# WHAT YOU WILL DO
Write the data out again exactly, dropping any images it holds.

BEGIN AVAILABLE DATA

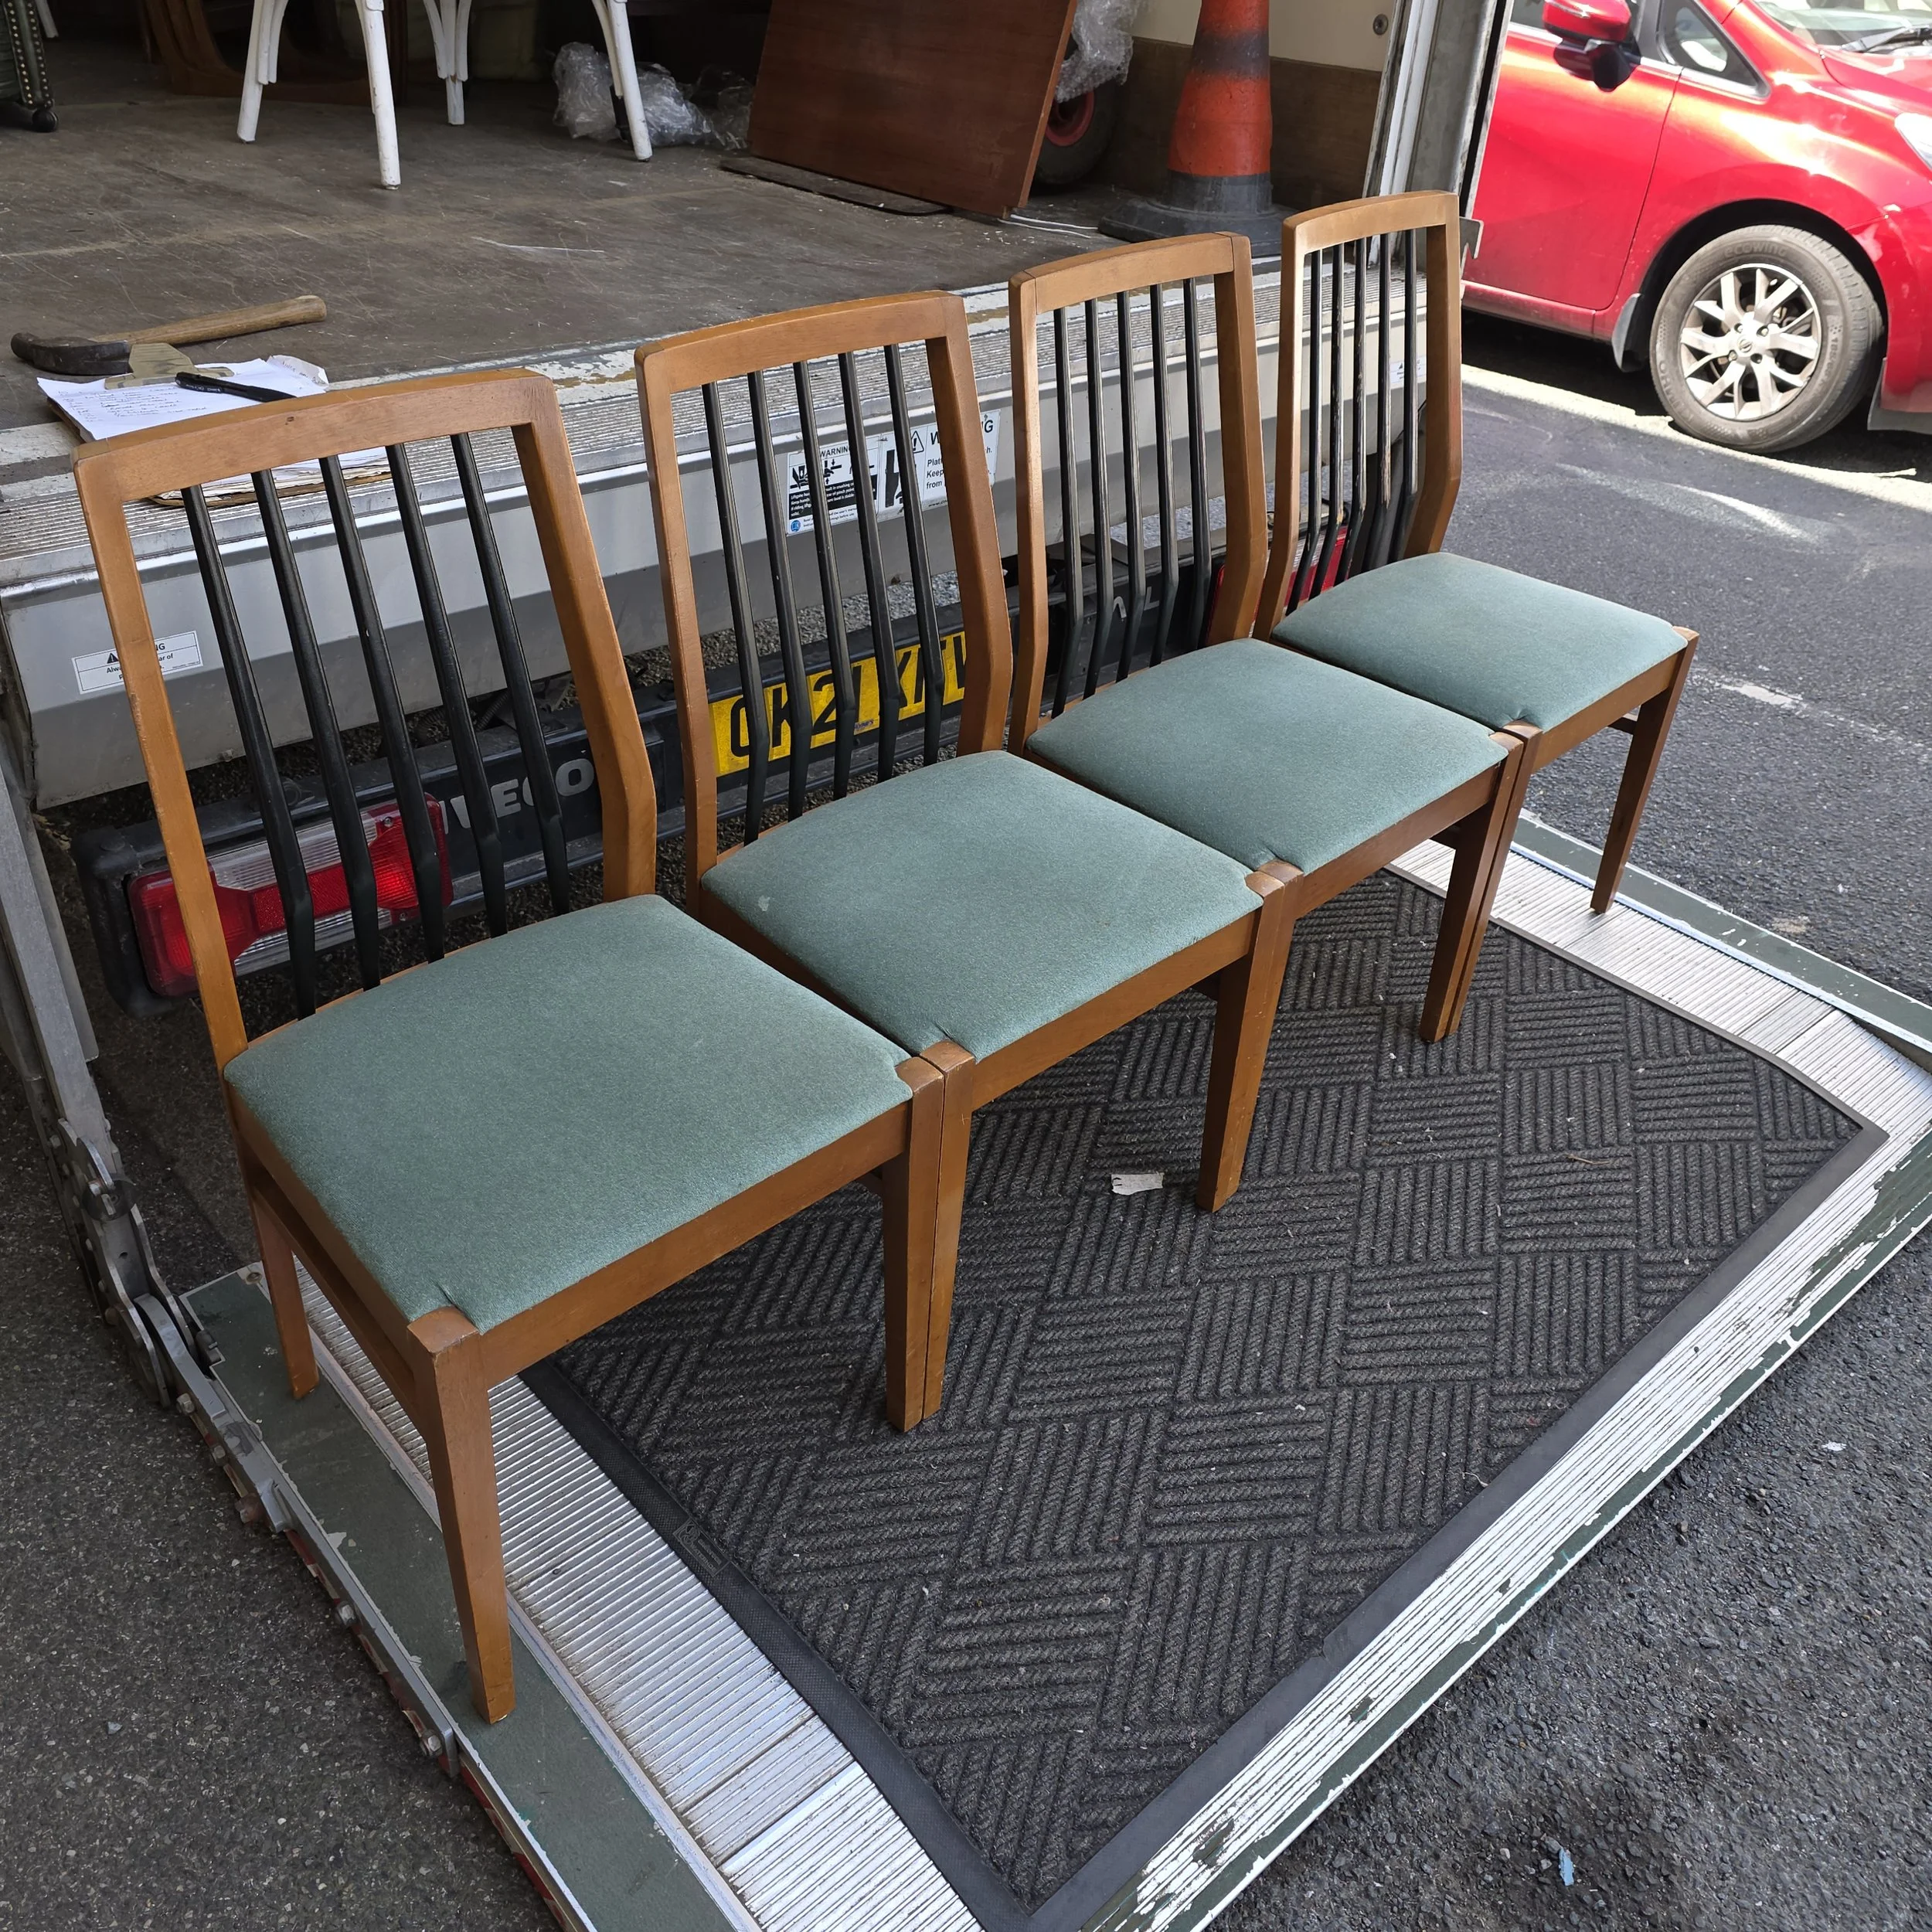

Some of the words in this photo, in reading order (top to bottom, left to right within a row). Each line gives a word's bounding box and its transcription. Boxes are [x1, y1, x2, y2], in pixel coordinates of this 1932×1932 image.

[820, 445, 849, 457] WARNIN
[927, 457, 942, 467] Plat
[927, 469, 944, 478] Keep
[927, 481, 942, 489] from
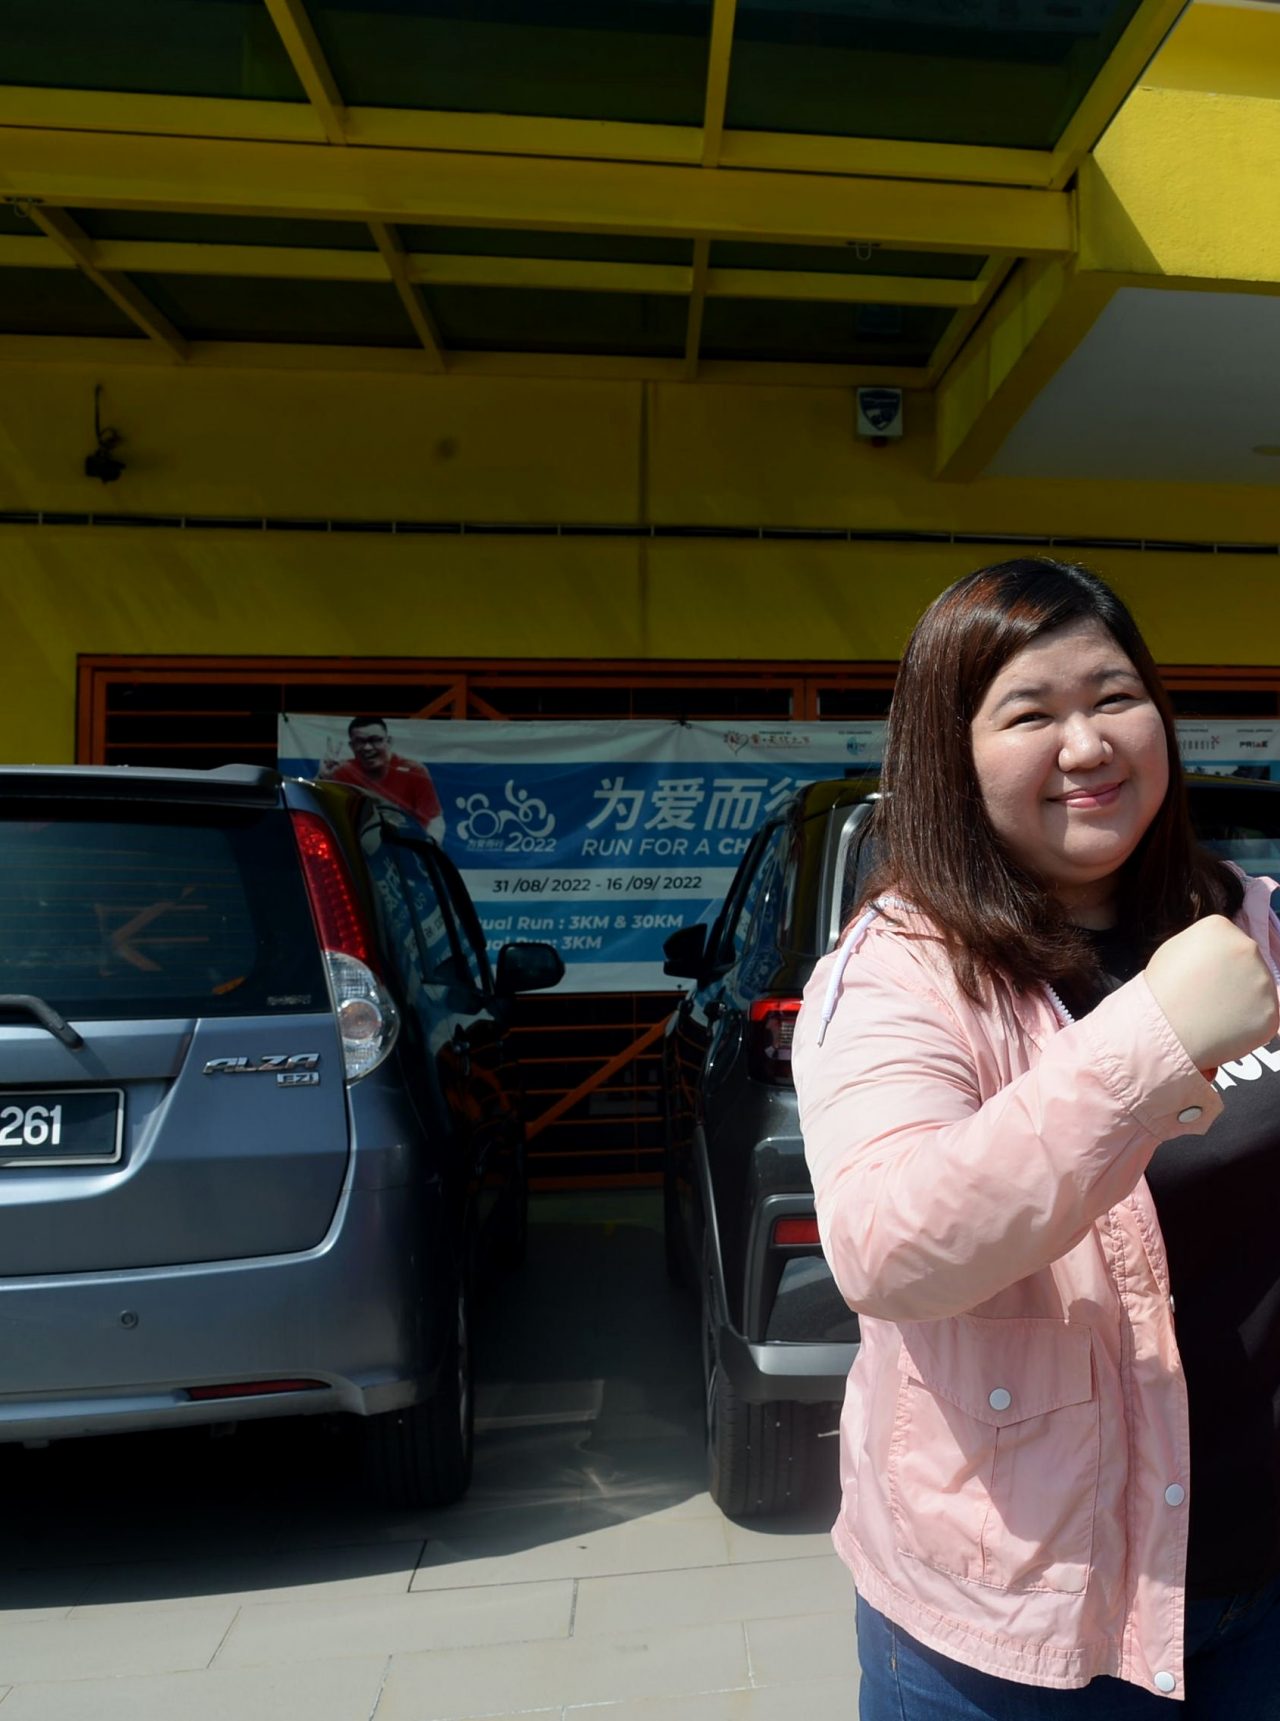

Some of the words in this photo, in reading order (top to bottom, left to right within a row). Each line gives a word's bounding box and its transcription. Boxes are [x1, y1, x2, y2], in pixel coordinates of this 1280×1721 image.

[505, 831, 558, 852] 2022
[581, 838, 631, 856] RUN
[639, 838, 688, 855] FOR
[693, 838, 711, 855] A
[552, 878, 591, 892] 2022
[663, 876, 702, 890] 2022
[568, 915, 609, 930] 3KM
[613, 915, 627, 929] &
[631, 914, 683, 929] 30KM
[561, 935, 603, 950] 3KM
[203, 1052, 321, 1075] ALZA
[0, 1104, 63, 1146] 261

END AVAILABLE DATA

# OUTPUT OF THE EXERCISE
Some of the words in this photo, in reading order (top to bottom, left to right within a row). Each line gives a word's bounding box and its transcription. Boxes are [x1, y1, x2, y2], in pixel coordinates of this 1932×1932 image.

[820, 445, 849, 457] WARNIN
[927, 457, 942, 467] Plat
[927, 469, 944, 478] Keep
[927, 481, 942, 489] from

Some of the words in this photo, in reading order (top to bottom, left to right within a row). Each line gives a word's bounding box and its transcription. Boxes are [x1, y1, x2, y2], in pixel coordinates of this 1280×1721 image.

[505, 831, 558, 852] 2022
[581, 838, 631, 856] RUN
[639, 838, 688, 855] FOR
[693, 838, 711, 855] A
[552, 878, 591, 892] 2022
[663, 876, 702, 890] 2022
[568, 915, 609, 930] 3KM
[613, 915, 627, 929] &
[631, 914, 683, 929] 30KM
[561, 935, 603, 950] 3KM
[203, 1052, 321, 1075] ALZA
[0, 1104, 63, 1146] 261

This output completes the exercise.